Однажды летом тетушка, чтобы я могла брать уроки, сняла комнату в загородном местечке, где он жил. Как-то раз я услаждала себя маленькой немецкой песенкой, которую привезла тайком из города:

Церковные звоны, село веселится,

И Лейла в наряд подвенечный облачится.

В невестах она,

Покорена гордым сыном барона,

И Лейла, Лейла, Лейла — леди!

Весело распевая припев и ликуя по поводу высокого положения и удачи Лейлы, я была испугана громовыми ударами по всему дому. Мистер Меербах бежал в свою комнату, захлопывая двери между собой и моим непросвещенным голосом!

Конечно же, он растерял учеников. В конце концов остались только Амели Ривз, Джейн Пейдж, Элиза Мериветер и я. Нам пришлось собирать его жалование в складчину. — Надеюсь, ты будешь заниматься, дорогая, — говорил мой добрый дядя. — Сейчас я плачу по восемь долларов за каждый твой урок. Джейн Пейдж играла великолепно. Этот редкий юный гений, племянница миссис Уильям К. Ривз, умерла молодой. Остальные из нас тоже играли хорошо. Мой учитель хотел отвезти меня в Ричмонд, чтобы я сыграла Тальбергу его собственную сложную, витиеватую музыку, и был ужасно огорчен отказом моей тетушки отпустить меня.
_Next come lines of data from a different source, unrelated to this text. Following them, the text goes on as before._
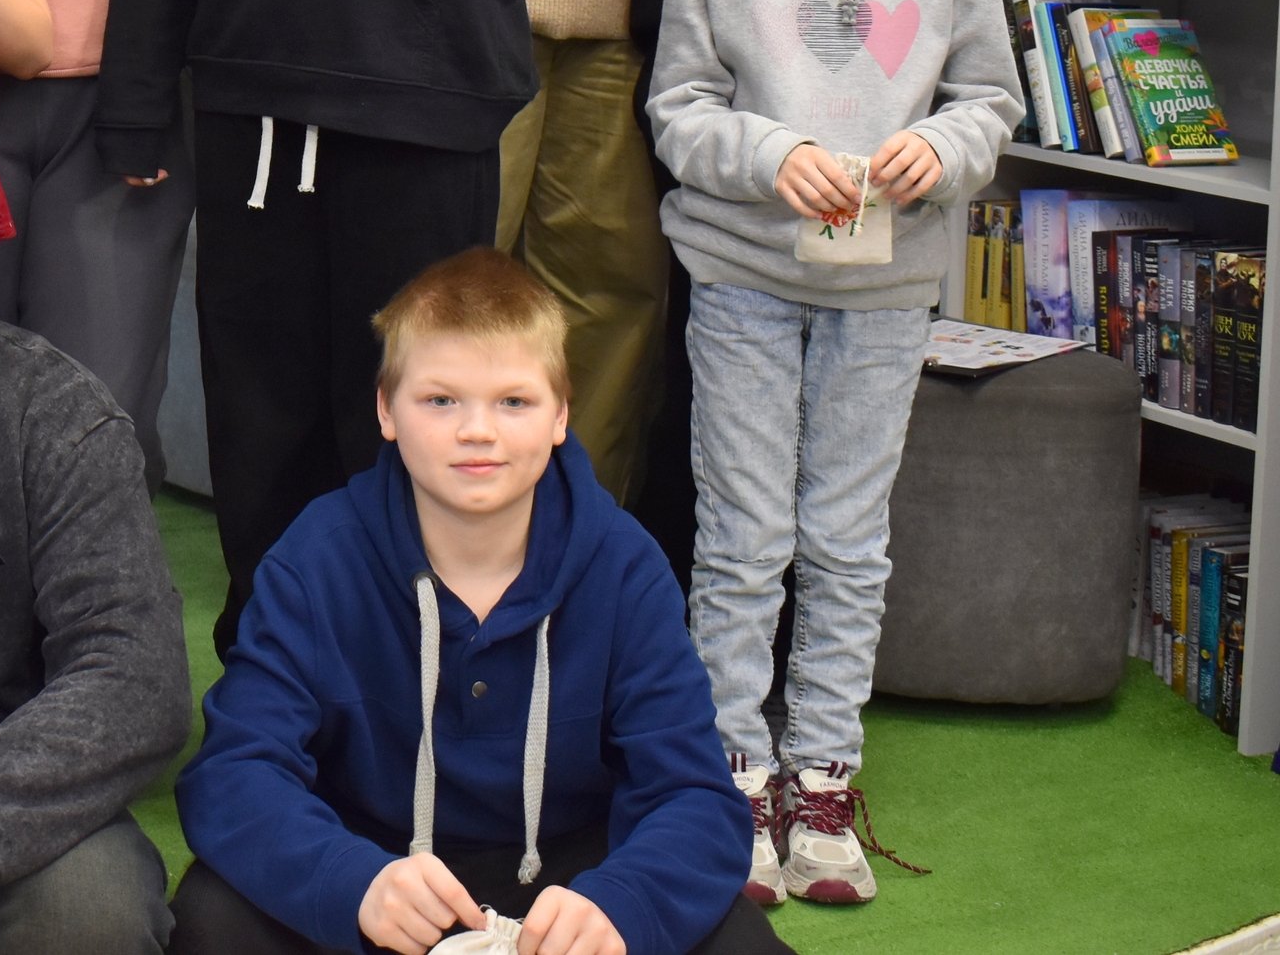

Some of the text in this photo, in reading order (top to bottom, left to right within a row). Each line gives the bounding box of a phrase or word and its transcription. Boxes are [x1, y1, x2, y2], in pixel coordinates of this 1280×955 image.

[1134, 59, 1203, 74] ДЕВОЧКА
[1137, 74, 1208, 90] СЧАСТЬЯ
[1149, 96, 1215, 125] удачи
[1170, 132, 1218, 147] СМЕЙЛ
[1174, 124, 1207, 133] ХОЛЛИ
[1078, 212, 1089, 310] ДИАНА ГЭБЛДОН
[1098, 285, 1107, 313] БОГ
[1166, 278, 1174, 307] ЯЦЕК
[1204, 674, 1212, 698] ХОББ
Маленькая епископальная церковь и дом священника находились как раз через дорогу, и настоятель, мистер Мид, разрешил мне свободно заходить на хоры, где я с удовольствием упражнялась на маленьком духовом органе. Я как раз доросла до того, чтобы доставать ногами до педалей. Церковь представляла особый интерес в силу того, что Томас Джефферсон, который считался вольнодумцем, настаивал на ее строительстве и сам предоставил для нее планы. До ее постройки богослужения проводились в здании суда, которое мистер Джефферсон исправно посещал, привозя свое сиденье с собой из Монтичелло верхом, «поскольку оно, — как говорит епископ Мид, — представляло собой нехитрый механизм, который в сложенном виде носили под мышкой, а в разложенном служил сиденьем на полу здания суда».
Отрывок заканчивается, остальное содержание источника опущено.